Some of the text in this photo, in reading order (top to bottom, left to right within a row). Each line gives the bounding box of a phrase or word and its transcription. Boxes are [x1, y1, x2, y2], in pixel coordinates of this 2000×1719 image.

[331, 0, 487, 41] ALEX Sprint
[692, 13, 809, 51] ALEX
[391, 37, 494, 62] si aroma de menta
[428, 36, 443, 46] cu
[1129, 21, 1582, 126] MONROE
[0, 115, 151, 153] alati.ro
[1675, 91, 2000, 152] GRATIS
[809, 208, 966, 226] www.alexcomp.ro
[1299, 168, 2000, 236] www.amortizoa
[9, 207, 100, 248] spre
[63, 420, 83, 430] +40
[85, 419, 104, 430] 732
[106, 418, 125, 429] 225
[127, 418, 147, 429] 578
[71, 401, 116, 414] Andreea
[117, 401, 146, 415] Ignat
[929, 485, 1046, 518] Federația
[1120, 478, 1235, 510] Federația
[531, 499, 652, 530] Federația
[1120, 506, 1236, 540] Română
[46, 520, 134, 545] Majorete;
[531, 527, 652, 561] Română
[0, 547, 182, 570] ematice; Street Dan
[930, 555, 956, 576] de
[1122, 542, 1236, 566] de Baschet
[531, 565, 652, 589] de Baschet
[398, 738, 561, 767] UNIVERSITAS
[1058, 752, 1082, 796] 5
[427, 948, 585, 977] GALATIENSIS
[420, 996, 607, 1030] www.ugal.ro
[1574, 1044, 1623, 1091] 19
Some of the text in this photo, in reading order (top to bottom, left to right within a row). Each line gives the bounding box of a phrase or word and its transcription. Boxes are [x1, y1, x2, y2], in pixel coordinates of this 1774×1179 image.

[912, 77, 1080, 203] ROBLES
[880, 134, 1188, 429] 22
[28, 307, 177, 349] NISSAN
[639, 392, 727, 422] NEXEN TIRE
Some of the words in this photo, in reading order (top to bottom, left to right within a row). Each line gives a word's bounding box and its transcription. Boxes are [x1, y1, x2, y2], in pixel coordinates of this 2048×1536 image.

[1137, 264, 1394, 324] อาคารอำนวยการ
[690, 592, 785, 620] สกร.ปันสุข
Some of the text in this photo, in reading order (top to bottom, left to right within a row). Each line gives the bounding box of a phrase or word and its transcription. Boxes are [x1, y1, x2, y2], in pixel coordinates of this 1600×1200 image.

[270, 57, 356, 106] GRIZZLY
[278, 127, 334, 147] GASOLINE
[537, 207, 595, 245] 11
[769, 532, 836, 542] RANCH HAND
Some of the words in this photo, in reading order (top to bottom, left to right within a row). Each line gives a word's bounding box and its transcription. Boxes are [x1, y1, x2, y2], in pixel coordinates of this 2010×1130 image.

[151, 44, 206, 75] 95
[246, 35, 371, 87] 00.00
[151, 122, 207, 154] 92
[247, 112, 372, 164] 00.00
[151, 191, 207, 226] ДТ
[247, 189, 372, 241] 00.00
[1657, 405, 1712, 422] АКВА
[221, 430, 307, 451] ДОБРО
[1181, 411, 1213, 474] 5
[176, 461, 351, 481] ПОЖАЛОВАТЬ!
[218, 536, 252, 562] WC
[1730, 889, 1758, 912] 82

TASK TO CARRY OUT:
Transcribe the data in full, matching every line exactly.

SOLUTION TO THE EXERCISE:
Some of the text in this photo, in reading order (top to bottom, left to right within a row). Each line gives the bounding box of a phrase or word and its transcription. Boxes are [x1, y1, x2, y2], in pixel coordinates of this 2000×1719 image.

[331, 0, 487, 41] ALEX Sprint
[692, 13, 809, 51] ALEX
[391, 37, 494, 62] si aroma de menta
[428, 36, 443, 46] cu
[1129, 21, 1582, 126] MONROE
[0, 115, 151, 153] alati.ro
[1675, 91, 2000, 152] GRATIS
[809, 208, 966, 226] www.alexcomp.ro
[1299, 168, 2000, 236] www.amortizoa
[9, 207, 100, 248] spre
[63, 420, 83, 430] +40
[85, 419, 104, 430] 732
[106, 418, 125, 429] 225
[127, 418, 147, 429] 578
[71, 401, 116, 414] Andreea
[117, 401, 146, 415] Ignat
[929, 485, 1046, 518] Federația
[1120, 478, 1235, 510] Federația
[531, 499, 652, 530] Federația
[1120, 506, 1236, 540] Română
[46, 520, 134, 545] Majorete;
[531, 527, 652, 561] Română
[0, 547, 182, 570] ematice; Street Dan
[930, 555, 956, 576] de
[1122, 542, 1236, 566] de Baschet
[531, 565, 652, 589] de Baschet
[398, 738, 561, 767] UNIVERSITAS
[1058, 752, 1082, 796] 5
[427, 948, 585, 977] GALATIENSIS
[420, 996, 607, 1030] www.ugal.ro
[1574, 1044, 1623, 1091] 19
Some of the text in this photo, in reading order (top to bottom, left to right within a row). Each line gives the bounding box of a phrase or word and its transcription. Boxes are [x1, y1, x2, y2], in pixel coordinates of this 1774×1179 image.

[912, 77, 1080, 203] ROBLES
[880, 134, 1188, 429] 22
[28, 307, 177, 349] NISSAN
[639, 392, 727, 422] NEXEN TIRE
Some of the words in this photo, in reading order (top to bottom, left to right within a row). Each line gives a word's bounding box and its transcription. Boxes are [x1, y1, x2, y2], in pixel coordinates of this 2048×1536 image.

[1137, 264, 1394, 324] อาคารอำนวยการ
[690, 592, 785, 620] สกร.ปันสุข
Some of the text in this photo, in reading order (top to bottom, left to right within a row). Each line gives the bounding box of a phrase or word and its transcription. Boxes are [x1, y1, x2, y2], in pixel coordinates of this 1600×1200 image.

[270, 57, 356, 106] GRIZZLY
[278, 127, 334, 147] GASOLINE
[537, 207, 595, 245] 11
[769, 532, 836, 542] RANCH HAND
Some of the words in this photo, in reading order (top to bottom, left to right within a row). Each line gives a word's bounding box and its transcription. Boxes are [x1, y1, x2, y2], in pixel coordinates of this 2010×1130 image.

[151, 44, 206, 75] 95
[246, 35, 371, 87] 00.00
[151, 122, 207, 154] 92
[247, 112, 372, 164] 00.00
[151, 191, 207, 226] ДТ
[247, 189, 372, 241] 00.00
[1657, 405, 1712, 422] АКВА
[221, 430, 307, 451] ДОБРО
[1181, 411, 1213, 474] 5
[176, 461, 351, 481] ПОЖАЛОВАТЬ!
[218, 536, 252, 562] WC
[1730, 889, 1758, 912] 82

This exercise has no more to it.